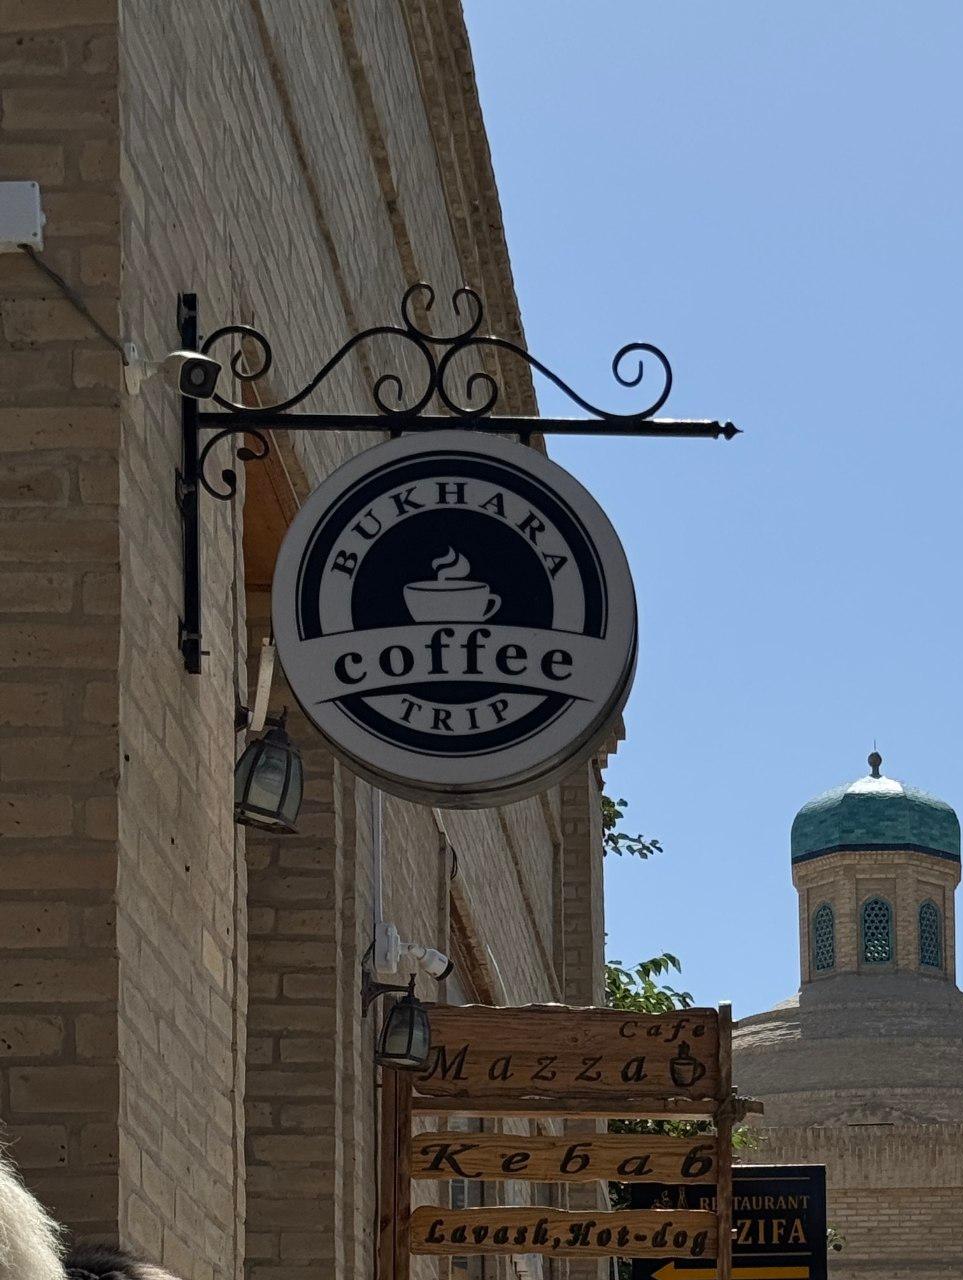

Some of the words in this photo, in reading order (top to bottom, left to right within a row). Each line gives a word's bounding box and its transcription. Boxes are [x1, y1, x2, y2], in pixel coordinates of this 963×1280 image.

[331, 482, 568, 580] BUKHARA
[333, 627, 573, 685] coffee
[399, 698, 510, 732] TRIP
[618, 1018, 707, 1042] Cafe
[418, 1043, 648, 1082] Mazza
[699, 1195, 810, 1211] RTAURANT
[737, 1218, 807, 1246] ZIFA
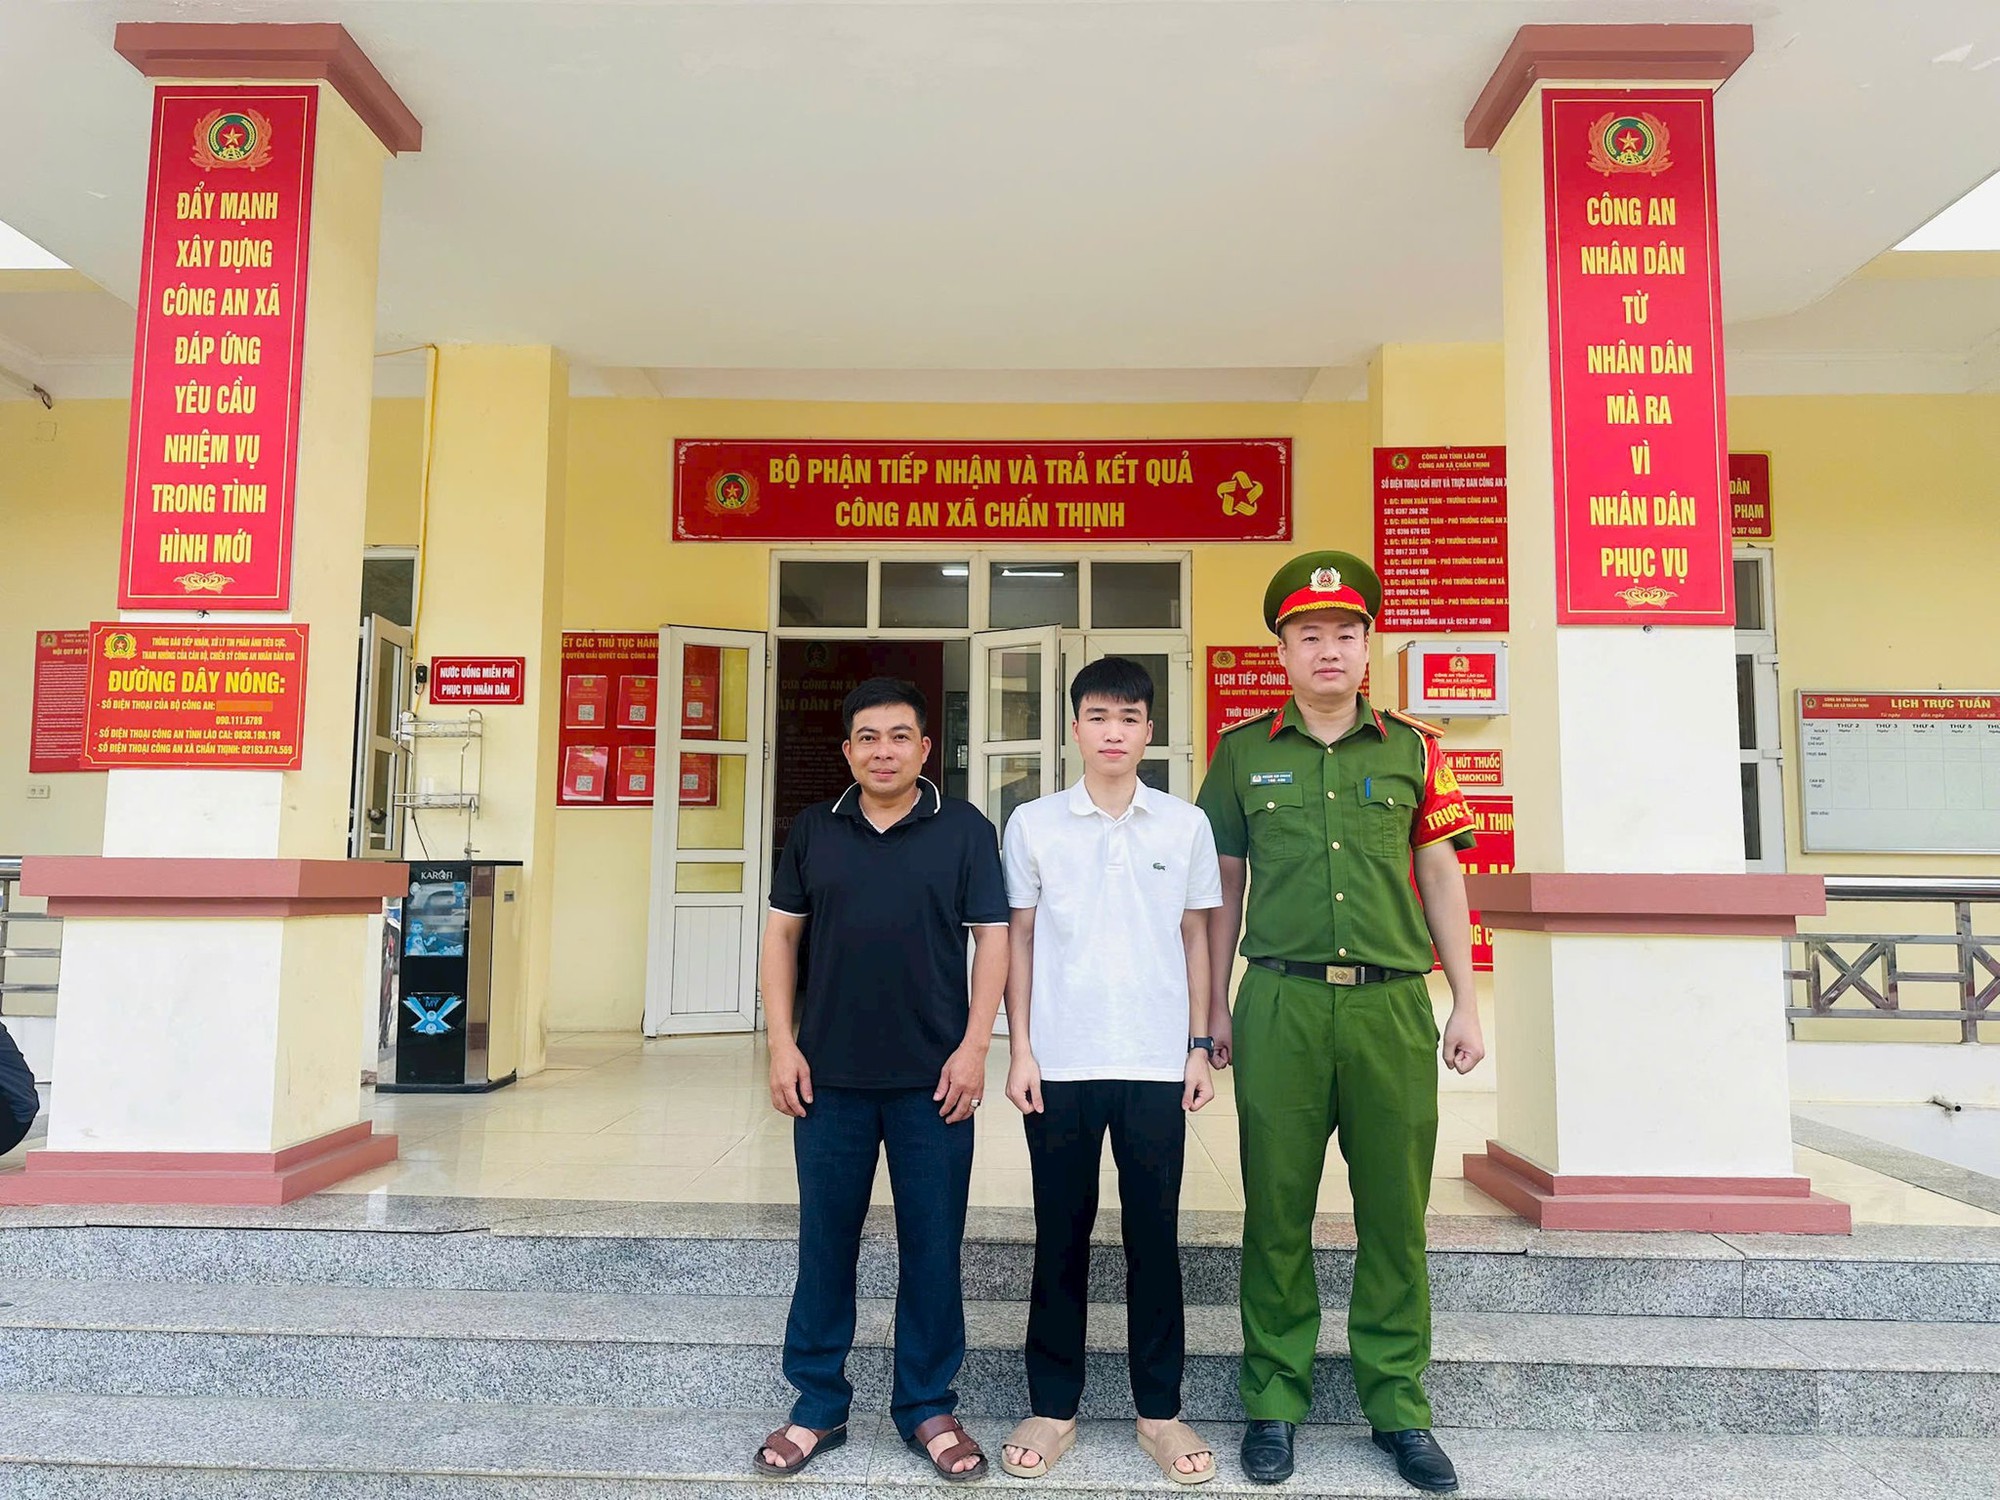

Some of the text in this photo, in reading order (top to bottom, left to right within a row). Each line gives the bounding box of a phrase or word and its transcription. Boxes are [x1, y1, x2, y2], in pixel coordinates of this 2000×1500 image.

[177, 181, 278, 226] ĐẨY MẠNH
[1587, 192, 1676, 226] CÔNG AN
[176, 237, 272, 274] XÂY DỰNG
[1581, 241, 1685, 275] NHÂN DÂN
[162, 282, 280, 316] CÔNG AN XÃ
[1622, 289, 1649, 324] TỪ
[175, 331, 261, 365] ĐÁP ỨNG
[1588, 339, 1693, 374] NHÂN DÂN
[175, 376, 256, 414] YÊU CẦU
[1607, 389, 1672, 425] MÀ RA
[164, 430, 260, 469] NHIỆM VỤ
[1631, 440, 1650, 475] VÌ
[770, 449, 1193, 489] BỘ PHẬN TIẾP NHẬN VÀ TRẢ KẾT QUẢ
[1730, 477, 1750, 494] DÂN
[152, 478, 266, 513] TRONG TÌNH
[1590, 490, 1696, 526] NHÂN DÂN
[836, 494, 1126, 532] CÔNG AN XÃ CHẤN THỊNH
[1734, 504, 1764, 522] PHẠM
[160, 528, 252, 563] HÌNH MỚI
[1601, 548, 1688, 584] PHỤC VỤ
[576, 635, 594, 648] CÁC
[598, 634, 615, 648] THỦ
[618, 638, 635, 650] TỤC
[108, 664, 286, 694] ĐƯỜNG DÂY NÓNG:
[440, 664, 515, 678] NƯỚC UỐNG MIỄN PHÍ
[1215, 670, 1285, 688] LỊCH TIẾP CÔNG
[101, 697, 112, 709] SỐ
[113, 698, 130, 711] ĐIỆN
[132, 700, 152, 711] THOẠI
[154, 698, 168, 710] CỦA
[170, 699, 180, 712] BỘ
[182, 699, 201, 710] CÔNG
[442, 682, 510, 698] PHỤC VỤ NHÂN DÂN
[1891, 698, 1919, 710] LỊCH
[1922, 698, 1954, 710] TRỰC
[98, 740, 108, 752] SỐ
[110, 742, 127, 754] ĐIỆN
[129, 744, 149, 755] THOẠI
[151, 742, 170, 753] CÔNG
[172, 744, 182, 753] AN
[184, 743, 194, 753] XÃ
[99, 726, 110, 738] SỐ
[111, 727, 128, 740] ĐIỆN
[130, 729, 150, 740] THOẠI
[152, 728, 171, 738] CÔNG
[173, 729, 184, 738] AN
[203, 728, 217, 739] LÀO
[1456, 753, 1471, 768] HÚT
[1474, 752, 1500, 768] THUỐC
[1456, 774, 1498, 782] SMOKING
[1425, 803, 1464, 830] TRỰC
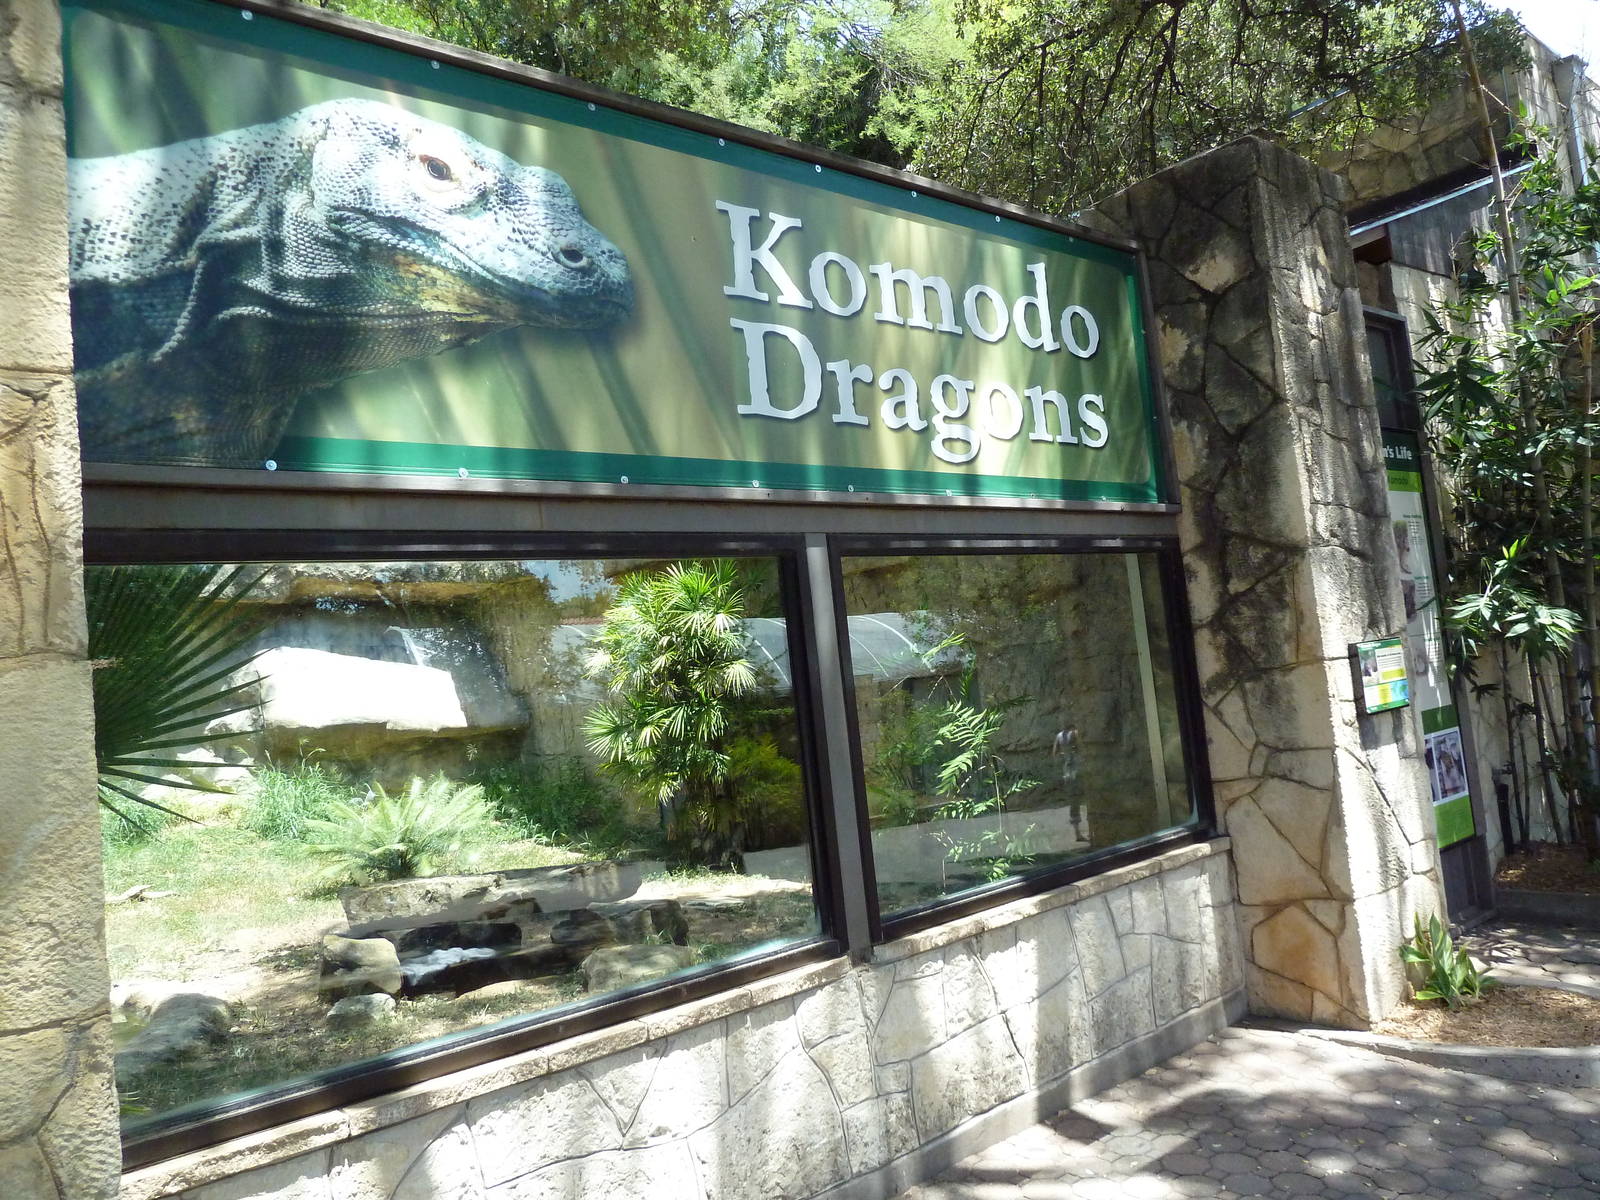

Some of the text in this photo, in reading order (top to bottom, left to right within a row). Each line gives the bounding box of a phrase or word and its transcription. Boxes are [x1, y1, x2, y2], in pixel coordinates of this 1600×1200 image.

[715, 199, 1100, 359] Komodo
[730, 317, 1109, 464] Dragons
[1395, 446, 1412, 460] Life
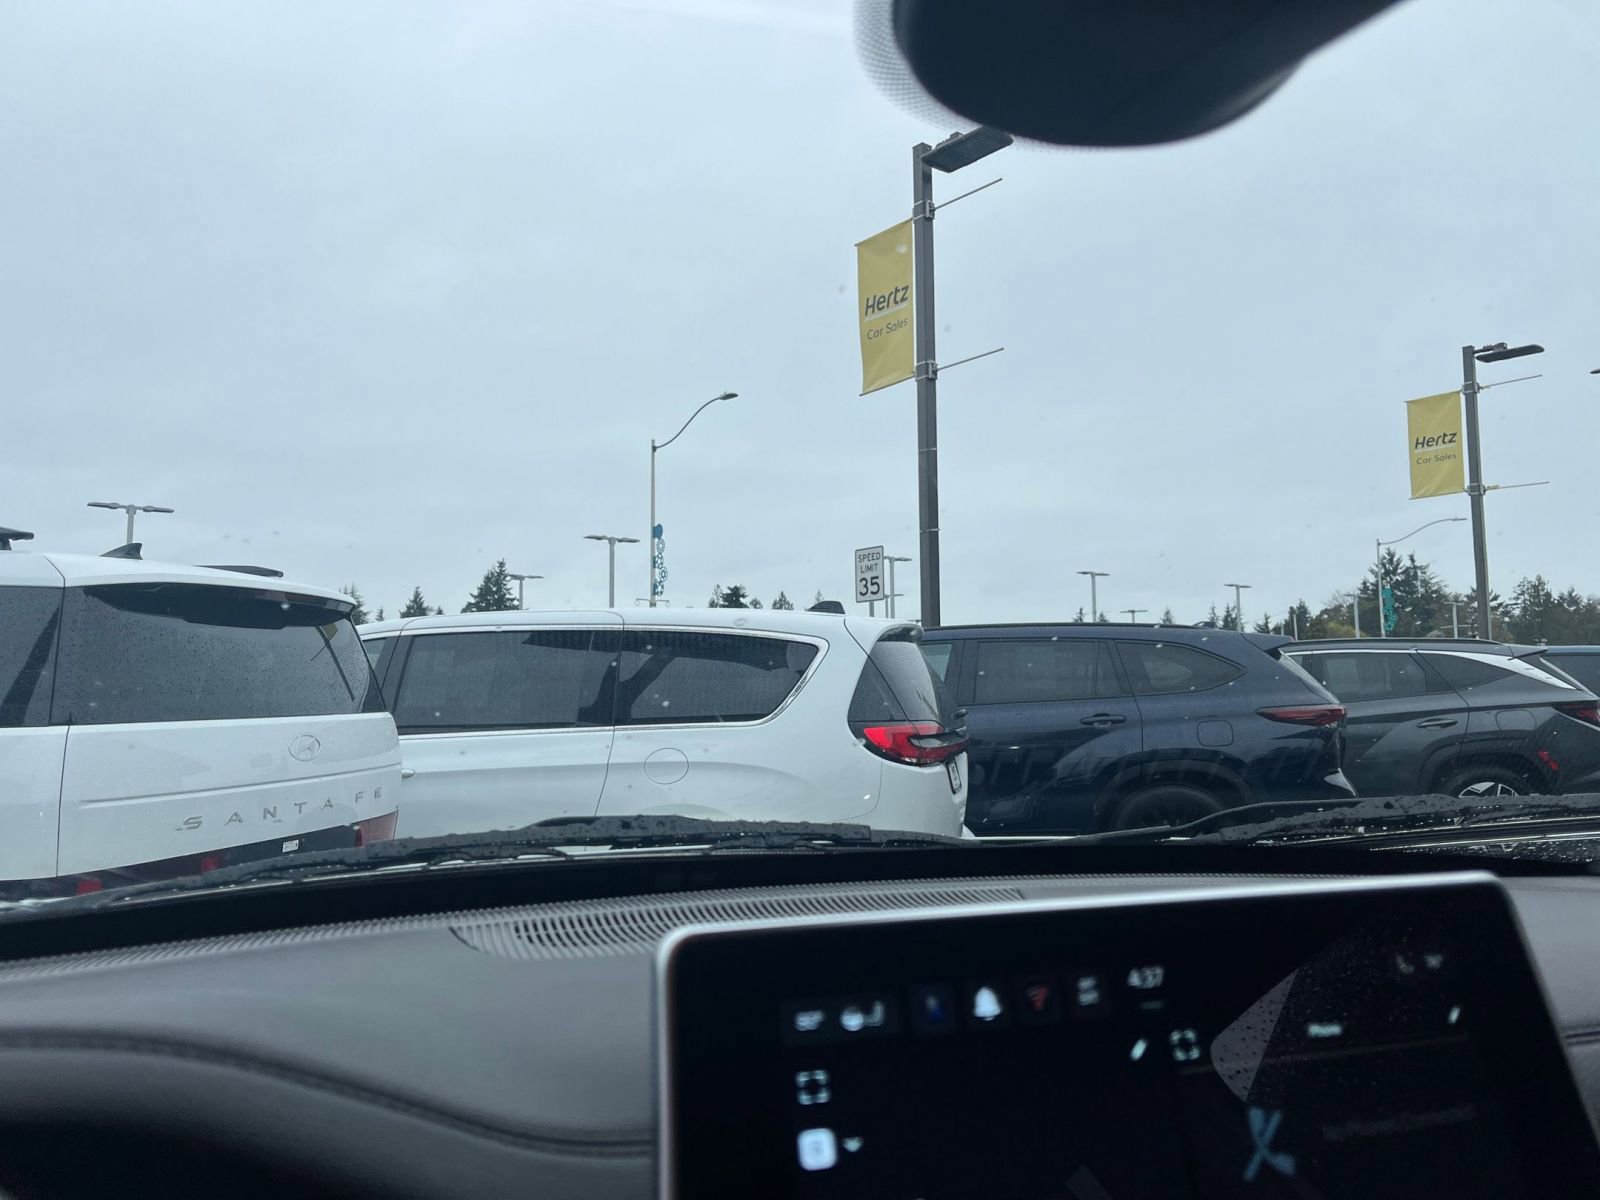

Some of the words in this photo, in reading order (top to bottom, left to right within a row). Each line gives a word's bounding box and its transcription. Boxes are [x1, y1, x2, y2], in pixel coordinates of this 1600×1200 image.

[865, 285, 909, 317] Hertz
[867, 328, 884, 340] Car
[886, 318, 908, 334] Sales
[1414, 432, 1457, 449] Hertz
[1416, 456, 1432, 465] Car
[1434, 453, 1456, 463] Sales
[858, 552, 881, 563] SPEED
[860, 563, 878, 574] LIMIT
[859, 576, 880, 596] 35
[183, 798, 333, 830] SANTA
[354, 786, 383, 803] FE

★ ★ ★ ★ ★

### TASK BRIEF
Pictures do not belong in the copy. Output all of the records exactly.

### RESPONSE TO THE EXERCISE
Some of the words in this photo, in reading order (top to bottom, left to right within a row). Each line gives a word's bounding box and its transcription. Boxes are [x1, y1, x2, y2], in pixel coordinates of this 963×1280 image.

[331, 482, 568, 580] BUKHARA
[333, 627, 573, 685] coffee
[399, 698, 510, 732] TRIP
[618, 1018, 707, 1042] Cafe
[418, 1043, 648, 1082] Mazza
[699, 1195, 810, 1211] RTAURANT
[737, 1218, 807, 1246] ZIFA

Some of the text in this photo, in reading order (top to bottom, left to right within a row). Each line gives the bounding box of a phrase or word and its transcription. Boxes are [x1, y1, x2, y2], in pixel coordinates of this 2000×1500 image.

[177, 181, 278, 226] ĐẨY MẠNH
[1587, 192, 1676, 226] CÔNG AN
[176, 237, 272, 274] XÂY DỰNG
[1581, 241, 1685, 275] NHÂN DÂN
[162, 282, 280, 316] CÔNG AN XÃ
[1622, 289, 1649, 324] TỪ
[175, 331, 261, 365] ĐÁP ỨNG
[1588, 339, 1693, 374] NHÂN DÂN
[175, 376, 256, 414] YÊU CẦU
[1607, 389, 1672, 425] MÀ RA
[164, 430, 260, 469] NHIỆM VỤ
[1631, 440, 1650, 475] VÌ
[770, 449, 1193, 489] BỘ PHẬN TIẾP NHẬN VÀ TRẢ KẾT QUẢ
[1730, 477, 1750, 494] DÂN
[152, 478, 266, 513] TRONG TÌNH
[1590, 490, 1696, 526] NHÂN DÂN
[836, 494, 1126, 532] CÔNG AN XÃ CHẤN THỊNH
[1734, 504, 1764, 522] PHẠM
[160, 528, 252, 563] HÌNH MỚI
[1601, 548, 1688, 584] PHỤC VỤ
[576, 635, 594, 648] CÁC
[598, 634, 615, 648] THỦ
[618, 638, 635, 650] TỤC
[108, 664, 286, 694] ĐƯỜNG DÂY NÓNG:
[440, 664, 515, 678] NƯỚC UỐNG MIỄN PHÍ
[1215, 670, 1285, 688] LỊCH TIẾP CÔNG
[101, 697, 112, 709] SỐ
[113, 698, 130, 711] ĐIỆN
[132, 700, 152, 711] THOẠI
[154, 698, 168, 710] CỦA
[170, 699, 180, 712] BỘ
[182, 699, 201, 710] CÔNG
[442, 682, 510, 698] PHỤC VỤ NHÂN DÂN
[1891, 698, 1919, 710] LỊCH
[1922, 698, 1954, 710] TRỰC
[98, 740, 108, 752] SỐ
[110, 742, 127, 754] ĐIỆN
[129, 744, 149, 755] THOẠI
[151, 742, 170, 753] CÔNG
[172, 744, 182, 753] AN
[184, 743, 194, 753] XÃ
[99, 726, 110, 738] SỐ
[111, 727, 128, 740] ĐIỆN
[130, 729, 150, 740] THOẠI
[152, 728, 171, 738] CÔNG
[173, 729, 184, 738] AN
[203, 728, 217, 739] LÀO
[1456, 753, 1471, 768] HÚT
[1474, 752, 1500, 768] THUỐC
[1456, 774, 1498, 782] SMOKING
[1425, 803, 1464, 830] TRỰC

Some of the text in this photo, in reading order (top to bottom, left to right within a row). Each line gives the bounding box of a phrase or word and its transcription. Boxes are [x1, y1, x2, y2], in pixel coordinates of this 1600×1200 image.

[715, 199, 1100, 359] Komodo
[730, 317, 1109, 464] Dragons
[1395, 446, 1412, 460] Life

Some of the words in this photo, in reading order (top to bottom, left to right within a row). Each line gives a word's bounding box and its transcription. Boxes are [x1, y1, x2, y2], in pixel coordinates of this 1600×1200 image.

[865, 285, 909, 317] Hertz
[867, 328, 884, 340] Car
[886, 318, 908, 334] Sales
[1414, 432, 1457, 449] Hertz
[1416, 456, 1432, 465] Car
[1434, 453, 1456, 463] Sales
[858, 552, 881, 563] SPEED
[860, 563, 878, 574] LIMIT
[859, 576, 880, 596] 35
[183, 798, 333, 830] SANTA
[354, 786, 383, 803] FE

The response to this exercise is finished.